(Stored data entries)
++++++++

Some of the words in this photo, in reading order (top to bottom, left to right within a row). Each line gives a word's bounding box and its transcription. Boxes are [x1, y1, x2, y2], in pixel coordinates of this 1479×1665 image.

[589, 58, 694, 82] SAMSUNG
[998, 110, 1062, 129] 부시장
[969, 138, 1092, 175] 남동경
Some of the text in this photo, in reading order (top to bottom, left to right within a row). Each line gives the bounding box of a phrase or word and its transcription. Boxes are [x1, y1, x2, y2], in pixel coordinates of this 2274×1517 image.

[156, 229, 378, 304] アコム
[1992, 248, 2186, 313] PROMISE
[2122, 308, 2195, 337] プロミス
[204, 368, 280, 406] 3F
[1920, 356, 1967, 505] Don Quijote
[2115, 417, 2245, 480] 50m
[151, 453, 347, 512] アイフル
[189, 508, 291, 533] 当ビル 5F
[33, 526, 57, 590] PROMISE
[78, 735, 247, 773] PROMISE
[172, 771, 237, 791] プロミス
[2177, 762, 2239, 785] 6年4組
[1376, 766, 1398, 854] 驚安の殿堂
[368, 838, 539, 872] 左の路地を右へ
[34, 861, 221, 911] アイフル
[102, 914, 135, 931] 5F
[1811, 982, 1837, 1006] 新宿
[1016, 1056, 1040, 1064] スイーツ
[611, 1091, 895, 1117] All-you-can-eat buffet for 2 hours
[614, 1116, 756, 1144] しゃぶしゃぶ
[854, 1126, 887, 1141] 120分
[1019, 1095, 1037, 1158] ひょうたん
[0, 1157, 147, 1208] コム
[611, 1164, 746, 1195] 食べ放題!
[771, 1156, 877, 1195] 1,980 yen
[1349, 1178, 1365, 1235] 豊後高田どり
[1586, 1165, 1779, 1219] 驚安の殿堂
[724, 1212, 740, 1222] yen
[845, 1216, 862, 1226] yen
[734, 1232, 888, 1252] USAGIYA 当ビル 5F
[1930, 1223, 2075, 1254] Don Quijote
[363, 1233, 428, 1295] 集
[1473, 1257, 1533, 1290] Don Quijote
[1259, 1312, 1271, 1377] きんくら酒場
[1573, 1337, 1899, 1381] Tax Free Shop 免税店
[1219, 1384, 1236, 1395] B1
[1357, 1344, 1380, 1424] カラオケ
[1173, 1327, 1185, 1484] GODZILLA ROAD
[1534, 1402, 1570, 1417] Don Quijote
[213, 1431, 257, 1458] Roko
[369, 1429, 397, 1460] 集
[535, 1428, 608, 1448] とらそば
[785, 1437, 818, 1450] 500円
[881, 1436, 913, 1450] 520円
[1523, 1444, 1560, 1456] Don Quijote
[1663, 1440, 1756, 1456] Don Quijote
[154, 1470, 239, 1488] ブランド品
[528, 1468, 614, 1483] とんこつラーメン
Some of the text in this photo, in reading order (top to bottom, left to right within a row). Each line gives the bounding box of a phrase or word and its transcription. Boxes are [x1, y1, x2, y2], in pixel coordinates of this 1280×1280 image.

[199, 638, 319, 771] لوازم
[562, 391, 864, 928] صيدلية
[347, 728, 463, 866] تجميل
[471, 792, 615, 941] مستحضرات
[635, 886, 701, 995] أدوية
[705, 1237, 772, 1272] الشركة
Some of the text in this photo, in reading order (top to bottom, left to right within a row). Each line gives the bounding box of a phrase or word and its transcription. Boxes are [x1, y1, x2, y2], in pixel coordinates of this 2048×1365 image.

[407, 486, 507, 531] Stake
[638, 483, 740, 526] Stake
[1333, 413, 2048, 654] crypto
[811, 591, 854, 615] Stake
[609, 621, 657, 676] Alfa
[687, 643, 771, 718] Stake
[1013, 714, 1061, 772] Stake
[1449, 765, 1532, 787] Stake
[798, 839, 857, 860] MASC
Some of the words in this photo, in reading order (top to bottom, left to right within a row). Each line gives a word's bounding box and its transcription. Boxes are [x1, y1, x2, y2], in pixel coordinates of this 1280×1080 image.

++++++++

What you should do is return the records above exactly, leaving nothing out.

**RESULT FOR THIS EXERCISE**:
Some of the words in this photo, in reading order (top to bottom, left to right within a row). Each line gives a word's bounding box and its transcription. Boxes are [x1, y1, x2, y2], in pixel coordinates of this 1479×1665 image.

[589, 58, 694, 82] SAMSUNG
[998, 110, 1062, 129] 부시장
[969, 138, 1092, 175] 남동경
Some of the text in this photo, in reading order (top to bottom, left to right within a row). Each line gives the bounding box of a phrase or word and its transcription. Boxes are [x1, y1, x2, y2], in pixel coordinates of this 2274×1517 image.

[156, 229, 378, 304] アコム
[1992, 248, 2186, 313] PROMISE
[2122, 308, 2195, 337] プロミス
[204, 368, 280, 406] 3F
[1920, 356, 1967, 505] Don Quijote
[2115, 417, 2245, 480] 50m
[151, 453, 347, 512] アイフル
[189, 508, 291, 533] 当ビル 5F
[33, 526, 57, 590] PROMISE
[78, 735, 247, 773] PROMISE
[172, 771, 237, 791] プロミス
[2177, 762, 2239, 785] 6年4組
[1376, 766, 1398, 854] 驚安の殿堂
[368, 838, 539, 872] 左の路地を右へ
[34, 861, 221, 911] アイフル
[102, 914, 135, 931] 5F
[1811, 982, 1837, 1006] 新宿
[1016, 1056, 1040, 1064] スイーツ
[611, 1091, 895, 1117] All-you-can-eat buffet for 2 hours
[614, 1116, 756, 1144] しゃぶしゃぶ
[854, 1126, 887, 1141] 120分
[1019, 1095, 1037, 1158] ひょうたん
[0, 1157, 147, 1208] コム
[611, 1164, 746, 1195] 食べ放題!
[771, 1156, 877, 1195] 1,980 yen
[1349, 1178, 1365, 1235] 豊後高田どり
[1586, 1165, 1779, 1219] 驚安の殿堂
[724, 1212, 740, 1222] yen
[845, 1216, 862, 1226] yen
[734, 1232, 888, 1252] USAGIYA 当ビル 5F
[1930, 1223, 2075, 1254] Don Quijote
[363, 1233, 428, 1295] 集
[1473, 1257, 1533, 1290] Don Quijote
[1259, 1312, 1271, 1377] きんくら酒場
[1573, 1337, 1899, 1381] Tax Free Shop 免税店
[1219, 1384, 1236, 1395] B1
[1357, 1344, 1380, 1424] カラオケ
[1173, 1327, 1185, 1484] GODZILLA ROAD
[1534, 1402, 1570, 1417] Don Quijote
[213, 1431, 257, 1458] Roko
[369, 1429, 397, 1460] 集
[535, 1428, 608, 1448] とらそば
[785, 1437, 818, 1450] 500円
[881, 1436, 913, 1450] 520円
[1523, 1444, 1560, 1456] Don Quijote
[1663, 1440, 1756, 1456] Don Quijote
[154, 1470, 239, 1488] ブランド品
[528, 1468, 614, 1483] とんこつラーメン
Some of the text in this photo, in reading order (top to bottom, left to right within a row). Each line gives the bounding box of a phrase or word and its transcription. Boxes are [x1, y1, x2, y2], in pixel coordinates of this 1280×1280 image.

[199, 638, 319, 771] لوازم
[562, 391, 864, 928] صيدلية
[347, 728, 463, 866] تجميل
[471, 792, 615, 941] مستحضرات
[635, 886, 701, 995] أدوية
[705, 1237, 772, 1272] الشركة
Some of the text in this photo, in reading order (top to bottom, left to right within a row). Each line gives the bounding box of a phrase or word and its transcription. Boxes are [x1, y1, x2, y2], in pixel coordinates of this 2048×1365 image.

[407, 486, 507, 531] Stake
[638, 483, 740, 526] Stake
[1333, 413, 2048, 654] crypto
[811, 591, 854, 615] Stake
[609, 621, 657, 676] Alfa
[687, 643, 771, 718] Stake
[1013, 714, 1061, 772] Stake
[1449, 765, 1532, 787] Stake
[798, 839, 857, 860] MASC
Some of the words in this photo, in reading order (top to bottom, left to right within a row). Each line gives a word's bounding box and its transcription. Boxes are [x1, y1, x2, y2], in pixel coordinates of this 1280×1080 image.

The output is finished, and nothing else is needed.